Phrase grounding data:
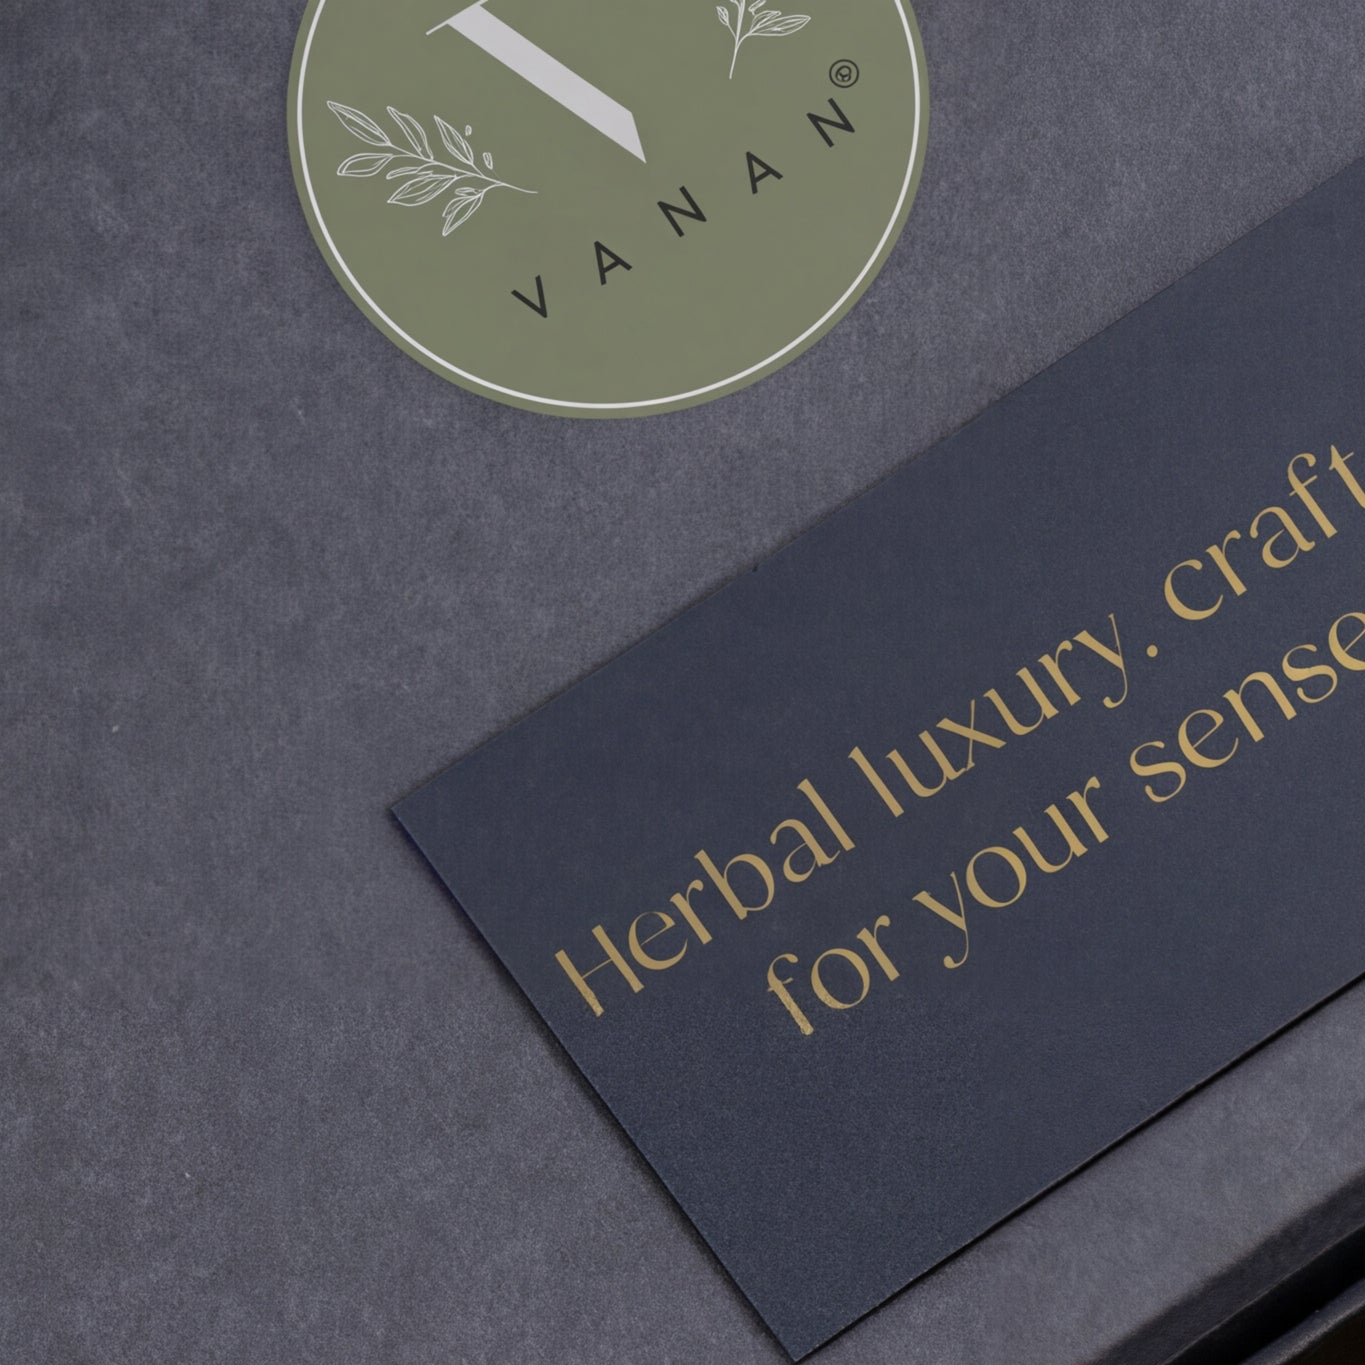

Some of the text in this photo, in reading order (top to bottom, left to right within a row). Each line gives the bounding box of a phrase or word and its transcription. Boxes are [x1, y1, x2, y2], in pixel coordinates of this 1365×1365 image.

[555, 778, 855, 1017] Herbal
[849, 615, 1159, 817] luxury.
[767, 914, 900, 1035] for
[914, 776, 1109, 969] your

Work instruction:
Print all records verbatim, excluding pictures.

Your response:
Some of the text in this photo, in reading order (top to bottom, left to right within a row). Each line gives the bounding box of a phrase or word and its transcription. Boxes are [x1, y1, x2, y2], in pixel coordinates of this 1365×1365 image.

[555, 778, 855, 1017] Herbal
[849, 615, 1159, 817] luxury.
[767, 914, 900, 1035] for
[914, 776, 1109, 969] your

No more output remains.